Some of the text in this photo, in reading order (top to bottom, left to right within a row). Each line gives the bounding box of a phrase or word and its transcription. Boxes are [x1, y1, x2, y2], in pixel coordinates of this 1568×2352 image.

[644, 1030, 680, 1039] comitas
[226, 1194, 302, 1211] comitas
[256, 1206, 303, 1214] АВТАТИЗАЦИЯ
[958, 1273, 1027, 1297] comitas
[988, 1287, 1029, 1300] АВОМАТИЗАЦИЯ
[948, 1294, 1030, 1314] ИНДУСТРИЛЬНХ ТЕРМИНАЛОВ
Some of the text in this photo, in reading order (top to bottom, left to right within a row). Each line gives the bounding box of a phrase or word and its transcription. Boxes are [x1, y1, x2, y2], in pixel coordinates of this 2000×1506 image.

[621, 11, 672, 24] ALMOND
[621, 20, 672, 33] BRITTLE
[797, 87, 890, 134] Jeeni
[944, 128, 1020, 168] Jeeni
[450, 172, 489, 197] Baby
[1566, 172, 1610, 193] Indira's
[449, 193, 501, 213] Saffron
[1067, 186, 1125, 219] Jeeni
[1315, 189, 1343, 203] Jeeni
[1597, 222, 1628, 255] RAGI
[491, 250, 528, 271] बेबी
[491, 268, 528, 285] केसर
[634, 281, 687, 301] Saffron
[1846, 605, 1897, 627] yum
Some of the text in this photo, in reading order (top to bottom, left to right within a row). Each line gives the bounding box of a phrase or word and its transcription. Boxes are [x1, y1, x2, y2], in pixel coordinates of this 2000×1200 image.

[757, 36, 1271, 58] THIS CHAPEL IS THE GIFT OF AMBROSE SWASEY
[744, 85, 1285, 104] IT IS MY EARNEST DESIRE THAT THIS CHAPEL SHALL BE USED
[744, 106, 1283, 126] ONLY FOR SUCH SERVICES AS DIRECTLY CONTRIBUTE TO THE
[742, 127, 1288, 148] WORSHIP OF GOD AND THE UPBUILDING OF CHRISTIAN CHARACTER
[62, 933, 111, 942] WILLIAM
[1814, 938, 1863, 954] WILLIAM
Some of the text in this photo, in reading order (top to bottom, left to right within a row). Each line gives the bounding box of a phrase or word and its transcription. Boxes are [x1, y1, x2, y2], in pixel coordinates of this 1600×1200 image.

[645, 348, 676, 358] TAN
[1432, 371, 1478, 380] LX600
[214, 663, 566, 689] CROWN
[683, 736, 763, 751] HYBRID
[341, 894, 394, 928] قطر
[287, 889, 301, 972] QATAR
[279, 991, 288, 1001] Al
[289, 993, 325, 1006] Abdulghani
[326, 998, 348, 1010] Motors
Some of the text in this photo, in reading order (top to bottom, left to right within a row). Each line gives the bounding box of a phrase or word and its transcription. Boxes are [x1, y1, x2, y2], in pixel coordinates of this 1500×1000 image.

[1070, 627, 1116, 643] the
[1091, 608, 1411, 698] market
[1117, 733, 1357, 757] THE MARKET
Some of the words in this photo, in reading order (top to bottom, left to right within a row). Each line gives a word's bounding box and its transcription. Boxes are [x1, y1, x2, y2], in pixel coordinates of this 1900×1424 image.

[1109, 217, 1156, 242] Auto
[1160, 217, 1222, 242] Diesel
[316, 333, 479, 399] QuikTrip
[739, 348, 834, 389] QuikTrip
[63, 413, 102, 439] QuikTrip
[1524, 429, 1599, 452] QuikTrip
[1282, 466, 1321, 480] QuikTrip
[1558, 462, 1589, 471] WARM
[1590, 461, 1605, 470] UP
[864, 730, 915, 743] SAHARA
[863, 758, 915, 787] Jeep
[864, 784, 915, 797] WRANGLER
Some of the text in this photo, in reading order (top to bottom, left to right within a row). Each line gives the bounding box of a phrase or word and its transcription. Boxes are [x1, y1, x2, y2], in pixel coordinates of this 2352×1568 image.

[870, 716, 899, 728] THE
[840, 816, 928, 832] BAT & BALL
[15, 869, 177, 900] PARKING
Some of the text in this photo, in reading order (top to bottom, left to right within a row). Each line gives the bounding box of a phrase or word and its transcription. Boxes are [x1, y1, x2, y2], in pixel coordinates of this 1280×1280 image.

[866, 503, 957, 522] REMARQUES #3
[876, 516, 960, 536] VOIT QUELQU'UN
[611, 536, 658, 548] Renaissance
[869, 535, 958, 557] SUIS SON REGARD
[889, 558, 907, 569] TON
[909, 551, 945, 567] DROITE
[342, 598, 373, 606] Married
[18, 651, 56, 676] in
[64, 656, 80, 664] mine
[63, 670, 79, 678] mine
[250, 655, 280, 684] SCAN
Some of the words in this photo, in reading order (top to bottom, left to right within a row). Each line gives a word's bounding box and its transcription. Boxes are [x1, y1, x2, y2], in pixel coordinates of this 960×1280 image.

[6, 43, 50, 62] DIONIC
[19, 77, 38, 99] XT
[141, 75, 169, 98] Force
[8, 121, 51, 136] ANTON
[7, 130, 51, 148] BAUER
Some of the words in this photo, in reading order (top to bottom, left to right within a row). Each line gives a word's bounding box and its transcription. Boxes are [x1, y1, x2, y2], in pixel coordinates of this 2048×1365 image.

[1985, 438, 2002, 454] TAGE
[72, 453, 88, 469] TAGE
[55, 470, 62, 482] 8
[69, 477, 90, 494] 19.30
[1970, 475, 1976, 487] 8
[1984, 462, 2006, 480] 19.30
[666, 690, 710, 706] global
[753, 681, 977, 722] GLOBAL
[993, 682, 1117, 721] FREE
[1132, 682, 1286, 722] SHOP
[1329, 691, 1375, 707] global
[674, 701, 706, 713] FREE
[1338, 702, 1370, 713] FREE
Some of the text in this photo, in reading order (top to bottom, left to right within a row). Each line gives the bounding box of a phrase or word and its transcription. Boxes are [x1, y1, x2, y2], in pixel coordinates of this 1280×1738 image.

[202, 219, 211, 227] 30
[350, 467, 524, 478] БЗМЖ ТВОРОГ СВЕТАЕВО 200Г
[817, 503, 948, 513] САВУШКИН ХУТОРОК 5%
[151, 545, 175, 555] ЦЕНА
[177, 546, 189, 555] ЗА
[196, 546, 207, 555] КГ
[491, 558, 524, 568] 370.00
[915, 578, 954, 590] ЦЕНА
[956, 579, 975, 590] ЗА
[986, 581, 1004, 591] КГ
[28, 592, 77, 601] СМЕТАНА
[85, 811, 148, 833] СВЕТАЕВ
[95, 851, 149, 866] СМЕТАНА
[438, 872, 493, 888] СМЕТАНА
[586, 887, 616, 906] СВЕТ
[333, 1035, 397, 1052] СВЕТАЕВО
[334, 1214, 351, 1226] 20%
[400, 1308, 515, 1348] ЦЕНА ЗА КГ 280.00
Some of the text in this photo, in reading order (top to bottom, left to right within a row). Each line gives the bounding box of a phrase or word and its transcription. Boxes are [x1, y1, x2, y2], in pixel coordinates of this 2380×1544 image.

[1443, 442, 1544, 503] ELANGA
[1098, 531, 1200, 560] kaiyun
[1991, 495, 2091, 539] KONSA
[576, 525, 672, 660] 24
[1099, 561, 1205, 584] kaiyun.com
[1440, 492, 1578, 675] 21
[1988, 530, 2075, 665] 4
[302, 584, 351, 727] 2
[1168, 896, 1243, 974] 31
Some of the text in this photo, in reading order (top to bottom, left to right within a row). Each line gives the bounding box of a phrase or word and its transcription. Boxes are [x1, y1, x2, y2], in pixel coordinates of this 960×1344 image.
•••••
> PROBLEM DESCRIPTION
Extract, word for word, each line of the listing above.

> EXERCISE SOLUTION
Some of the text in this photo, in reading order (top to bottom, left to right within a row). Each line gives the bounding box of a phrase or word and its transcription. Boxes are [x1, y1, x2, y2], in pixel coordinates of this 1568×2352 image.

[644, 1030, 680, 1039] comitas
[226, 1194, 302, 1211] comitas
[256, 1206, 303, 1214] АВТАТИЗАЦИЯ
[958, 1273, 1027, 1297] comitas
[988, 1287, 1029, 1300] АВОМАТИЗАЦИЯ
[948, 1294, 1030, 1314] ИНДУСТРИЛЬНХ ТЕРМИНАЛОВ
Some of the text in this photo, in reading order (top to bottom, left to right within a row). Each line gives the bounding box of a phrase or word and its transcription. Boxes are [x1, y1, x2, y2], in pixel coordinates of this 2000×1506 image.

[621, 11, 672, 24] ALMOND
[621, 20, 672, 33] BRITTLE
[797, 87, 890, 134] Jeeni
[944, 128, 1020, 168] Jeeni
[450, 172, 489, 197] Baby
[1566, 172, 1610, 193] Indira's
[449, 193, 501, 213] Saffron
[1067, 186, 1125, 219] Jeeni
[1315, 189, 1343, 203] Jeeni
[1597, 222, 1628, 255] RAGI
[491, 250, 528, 271] बेबी
[491, 268, 528, 285] केसर
[634, 281, 687, 301] Saffron
[1846, 605, 1897, 627] yum
Some of the text in this photo, in reading order (top to bottom, left to right within a row). Each line gives the bounding box of a phrase or word and its transcription. Boxes are [x1, y1, x2, y2], in pixel coordinates of this 2000×1200 image.

[757, 36, 1271, 58] THIS CHAPEL IS THE GIFT OF AMBROSE SWASEY
[744, 85, 1285, 104] IT IS MY EARNEST DESIRE THAT THIS CHAPEL SHALL BE USED
[744, 106, 1283, 126] ONLY FOR SUCH SERVICES AS DIRECTLY CONTRIBUTE TO THE
[742, 127, 1288, 148] WORSHIP OF GOD AND THE UPBUILDING OF CHRISTIAN CHARACTER
[62, 933, 111, 942] WILLIAM
[1814, 938, 1863, 954] WILLIAM
Some of the text in this photo, in reading order (top to bottom, left to right within a row). Each line gives the bounding box of a phrase or word and its transcription. Boxes are [x1, y1, x2, y2], in pixel coordinates of this 1600×1200 image.

[645, 348, 676, 358] TAN
[1432, 371, 1478, 380] LX600
[214, 663, 566, 689] CROWN
[683, 736, 763, 751] HYBRID
[341, 894, 394, 928] قطر
[287, 889, 301, 972] QATAR
[279, 991, 288, 1001] Al
[289, 993, 325, 1006] Abdulghani
[326, 998, 348, 1010] Motors
Some of the text in this photo, in reading order (top to bottom, left to right within a row). Each line gives the bounding box of a phrase or word and its transcription. Boxes are [x1, y1, x2, y2], in pixel coordinates of this 1500×1000 image.

[1070, 627, 1116, 643] the
[1091, 608, 1411, 698] market
[1117, 733, 1357, 757] THE MARKET
Some of the words in this photo, in reading order (top to bottom, left to right within a row). Each line gives a word's bounding box and its transcription. Boxes are [x1, y1, x2, y2], in pixel coordinates of this 1900×1424 image.

[1109, 217, 1156, 242] Auto
[1160, 217, 1222, 242] Diesel
[316, 333, 479, 399] QuikTrip
[739, 348, 834, 389] QuikTrip
[63, 413, 102, 439] QuikTrip
[1524, 429, 1599, 452] QuikTrip
[1282, 466, 1321, 480] QuikTrip
[1558, 462, 1589, 471] WARM
[1590, 461, 1605, 470] UP
[864, 730, 915, 743] SAHARA
[863, 758, 915, 787] Jeep
[864, 784, 915, 797] WRANGLER
Some of the text in this photo, in reading order (top to bottom, left to right within a row). Each line gives the bounding box of a phrase or word and its transcription. Boxes are [x1, y1, x2, y2], in pixel coordinates of this 2352×1568 image.

[870, 716, 899, 728] THE
[840, 816, 928, 832] BAT & BALL
[15, 869, 177, 900] PARKING
Some of the text in this photo, in reading order (top to bottom, left to right within a row). Each line gives the bounding box of a phrase or word and its transcription. Boxes are [x1, y1, x2, y2], in pixel coordinates of this 1280×1280 image.

[866, 503, 957, 522] REMARQUES #3
[876, 516, 960, 536] VOIT QUELQU'UN
[611, 536, 658, 548] Renaissance
[869, 535, 958, 557] SUIS SON REGARD
[889, 558, 907, 569] TON
[909, 551, 945, 567] DROITE
[342, 598, 373, 606] Married
[18, 651, 56, 676] in
[64, 656, 80, 664] mine
[63, 670, 79, 678] mine
[250, 655, 280, 684] SCAN
Some of the words in this photo, in reading order (top to bottom, left to right within a row). Each line gives a word's bounding box and its transcription. Boxes are [x1, y1, x2, y2], in pixel coordinates of this 960×1280 image.

[6, 43, 50, 62] DIONIC
[19, 77, 38, 99] XT
[141, 75, 169, 98] Force
[8, 121, 51, 136] ANTON
[7, 130, 51, 148] BAUER
Some of the words in this photo, in reading order (top to bottom, left to right within a row). Each line gives a word's bounding box and its transcription. Boxes are [x1, y1, x2, y2], in pixel coordinates of this 2048×1365 image.

[1985, 438, 2002, 454] TAGE
[72, 453, 88, 469] TAGE
[55, 470, 62, 482] 8
[69, 477, 90, 494] 19.30
[1970, 475, 1976, 487] 8
[1984, 462, 2006, 480] 19.30
[666, 690, 710, 706] global
[753, 681, 977, 722] GLOBAL
[993, 682, 1117, 721] FREE
[1132, 682, 1286, 722] SHOP
[1329, 691, 1375, 707] global
[674, 701, 706, 713] FREE
[1338, 702, 1370, 713] FREE
Some of the text in this photo, in reading order (top to bottom, left to right within a row). Each line gives the bounding box of a phrase or word and its transcription. Boxes are [x1, y1, x2, y2], in pixel coordinates of this 1280×1738 image.

[202, 219, 211, 227] 30
[350, 467, 524, 478] БЗМЖ ТВОРОГ СВЕТАЕВО 200Г
[817, 503, 948, 513] САВУШКИН ХУТОРОК 5%
[151, 545, 175, 555] ЦЕНА
[177, 546, 189, 555] ЗА
[196, 546, 207, 555] КГ
[491, 558, 524, 568] 370.00
[915, 578, 954, 590] ЦЕНА
[956, 579, 975, 590] ЗА
[986, 581, 1004, 591] КГ
[28, 592, 77, 601] СМЕТАНА
[85, 811, 148, 833] СВЕТАЕВ
[95, 851, 149, 866] СМЕТАНА
[438, 872, 493, 888] СМЕТАНА
[586, 887, 616, 906] СВЕТ
[333, 1035, 397, 1052] СВЕТАЕВО
[334, 1214, 351, 1226] 20%
[400, 1308, 515, 1348] ЦЕНА ЗА КГ 280.00
Some of the text in this photo, in reading order (top to bottom, left to right within a row). Each line gives the bounding box of a phrase or word and its transcription. Boxes are [x1, y1, x2, y2], in pixel coordinates of this 2380×1544 image.

[1443, 442, 1544, 503] ELANGA
[1098, 531, 1200, 560] kaiyun
[1991, 495, 2091, 539] KONSA
[576, 525, 672, 660] 24
[1099, 561, 1205, 584] kaiyun.com
[1440, 492, 1578, 675] 21
[1988, 530, 2075, 665] 4
[302, 584, 351, 727] 2
[1168, 896, 1243, 974] 31
Some of the text in this photo, in reading order (top to bottom, left to right within a row). Each line gives the bounding box of a phrase or word and its transcription. Boxes are [x1, y1, x2, y2], in pixel coordinates of this 960×1344 image.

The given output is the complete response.